El rebaño mediático

La constante "novedad" a la que estamos sometidos y obligados a conocer para no ser tildados de trogloditas o analfabetos lleva años alcanzando cotas insufribles. Hay que estar a la última, en todo, sino eres un capullo despistado que no sabes de que va la cosa. Parece que para vivir en este mundo tenemos que saber cual es el nuevo iPod que ha salido, cómo serán las botas y gorras y camisetas y chaquetas de la temporada de verano. Cuál es la película más taquillera del mes, el resultado de las votaciones en Eurovisión, el móvil con mayor número de megapíxeles, el libro de autoayuda que le cambió la vida  a cientos de miles de personas, el personaje que causa furor en los programas de la tele y la serie americana con más índice de audiencia. Sí, un conjunto heterogéneo de información destinada a rebentar nuestras neuronas y capacidad memorística con conocimientos volátiles y absolutamente prescindibles. 
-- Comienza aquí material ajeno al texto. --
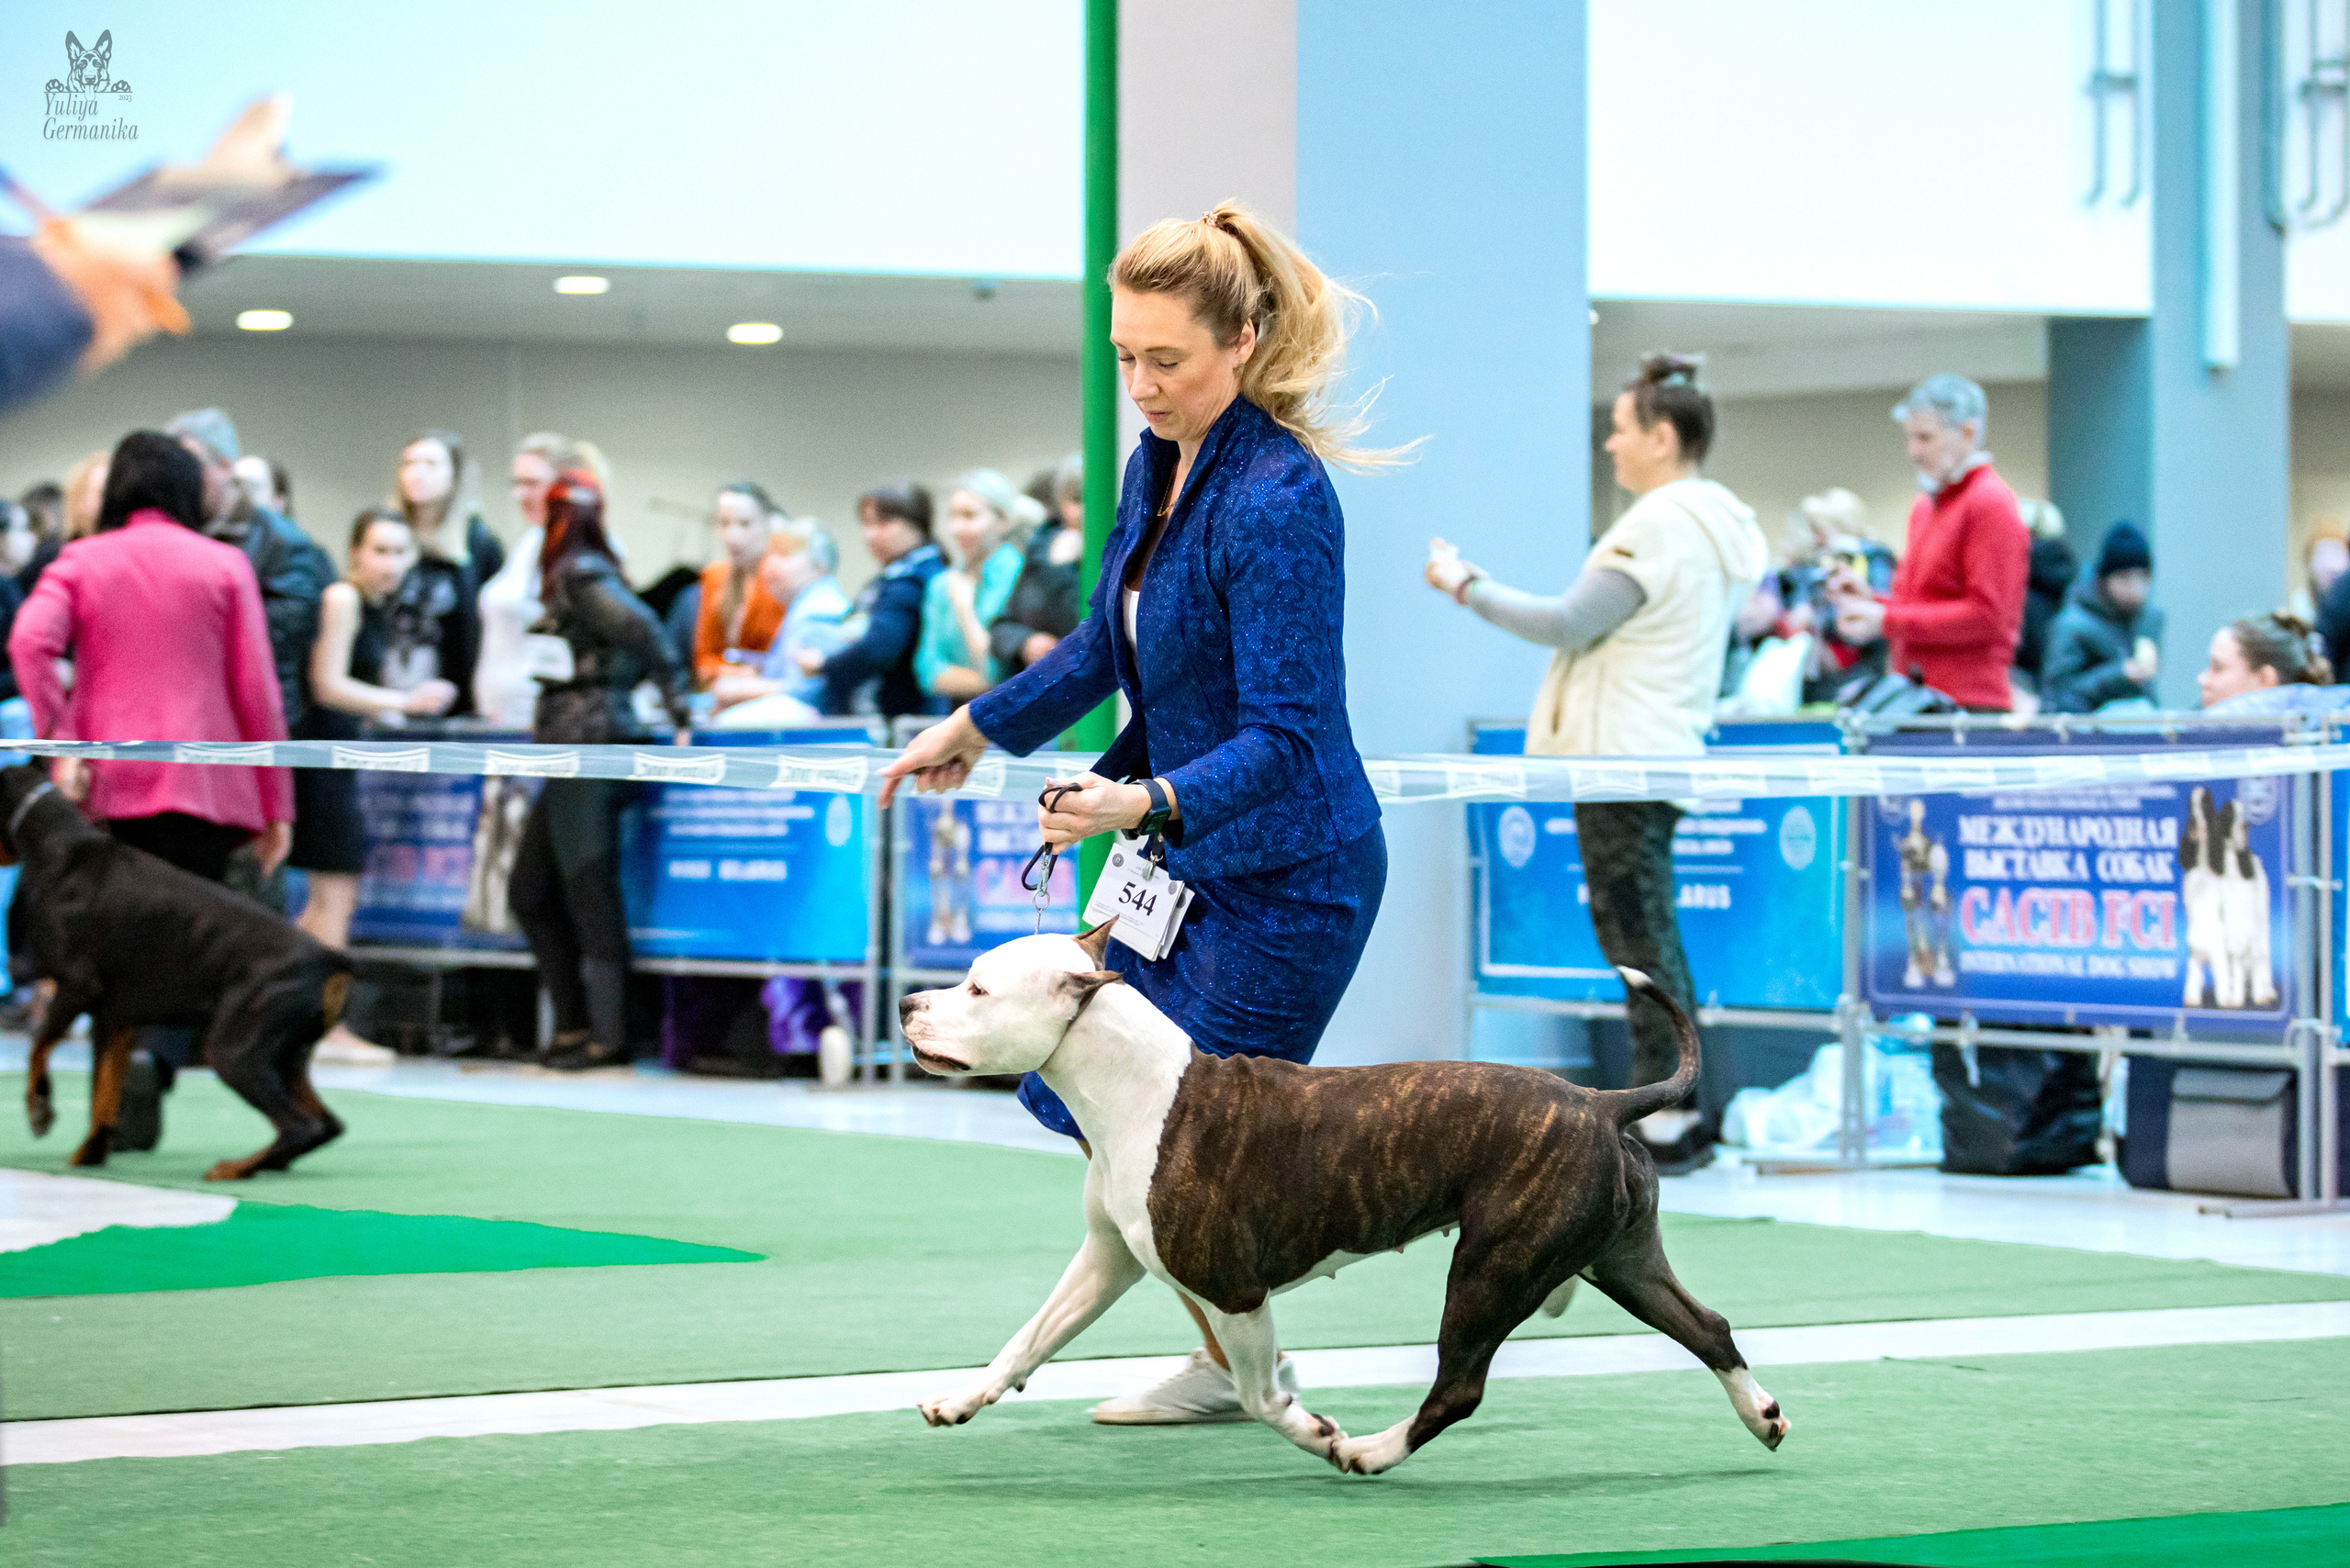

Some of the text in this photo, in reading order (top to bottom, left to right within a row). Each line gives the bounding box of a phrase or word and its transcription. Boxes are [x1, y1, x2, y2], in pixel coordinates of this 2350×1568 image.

Esta constante novedad detallada hasta ahora tiene una cierta ventaja, en cierto modo se puede considerar inofensiva; es decir, va enfocada a conducir el rebaño por una senda determinada sometida a intereses políticos y económicos, que no es poco, pero se queda ahí; es puro entretenimiento; un baile de consumo y deseo. 
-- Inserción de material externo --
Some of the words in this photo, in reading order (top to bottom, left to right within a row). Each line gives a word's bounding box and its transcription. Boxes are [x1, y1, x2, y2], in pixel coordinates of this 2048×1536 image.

Lamentablemente, existe otro tipo de novedad constante que perturba y atemoriza y desorienta al rebaño. Se trata de las informaciones y noticias de actualidad, que entran bajo la misma selección de cosas que se tienen que saber para que supuestamente podamos demostrar que sabes lo que pasa en la sociedad y en el mundo.

El empeño mediático para insertar el miedo y la inseguridad entre la población consigue sus frutos, como si de una estrategia preestablecida se tratara. En los últimos 10 años, que es donde alcanza mi memoria, hemos sido bombardeados por la prensa con cantidad de supuestas apoteósicas noticias que ponen en riesgo nuestra supervivencia. De golpe y sin previo aviso una enfermedad acucia a las vacas en el Reino Unido, temblores en los vacunos y varias muertes entre la población; las vacas locas. En toda Europa, las ventas de carne descienden en picado y McDonalds decide comercializar ensaladas para paliar la bajada de sus ventas. En 2001, después de los atentados en EE.UU, la paranoia inunda el país con supuestos casos de ataques terroristas por Antrax, que nunca se llegaron a confirmar; cuenta la leyenda urbana que una pareja se iba de viaje de bodas a Hawai y decidieron poner arena en los sobres de invitación a la boda. La policía científica americana acudió a la casa de los enamorados por varias denuncias de los amigos que habían recibido la invitación, al creer que la arena era Antrax.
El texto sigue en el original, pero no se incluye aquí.